Stored dataset items:
'''

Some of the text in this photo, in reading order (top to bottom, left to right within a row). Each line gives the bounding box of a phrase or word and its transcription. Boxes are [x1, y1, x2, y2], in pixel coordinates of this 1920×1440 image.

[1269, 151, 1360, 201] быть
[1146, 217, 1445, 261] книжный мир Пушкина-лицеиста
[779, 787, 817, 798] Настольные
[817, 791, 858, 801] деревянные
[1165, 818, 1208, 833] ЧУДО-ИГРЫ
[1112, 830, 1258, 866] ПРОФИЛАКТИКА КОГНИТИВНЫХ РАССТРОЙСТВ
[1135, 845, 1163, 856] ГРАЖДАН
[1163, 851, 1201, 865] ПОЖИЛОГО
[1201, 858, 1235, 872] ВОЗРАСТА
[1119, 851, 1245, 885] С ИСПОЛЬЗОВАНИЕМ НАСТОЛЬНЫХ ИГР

'''

[TASK INSTRUCTIONS]
Copy each line of the data exactly, leaving nothing out.

[SOLUTION FOR THIS TASK]
Some of the text in this photo, in reading order (top to bottom, left to right within a row). Each line gives the bounding box of a phrase or word and its transcription. Boxes are [x1, y1, x2, y2], in pixel coordinates of this 1920×1440 image.

[1269, 151, 1360, 201] быть
[1146, 217, 1445, 261] книжный мир Пушкина-лицеиста
[779, 787, 817, 798] Настольные
[817, 791, 858, 801] деревянные
[1165, 818, 1208, 833] ЧУДО-ИГРЫ
[1112, 830, 1258, 866] ПРОФИЛАКТИКА КОГНИТИВНЫХ РАССТРОЙСТВ
[1135, 845, 1163, 856] ГРАЖДАН
[1163, 851, 1201, 865] ПОЖИЛОГО
[1201, 858, 1235, 872] ВОЗРАСТА
[1119, 851, 1245, 885] С ИСПОЛЬЗОВАНИЕМ НАСТОЛЬНЫХ ИГР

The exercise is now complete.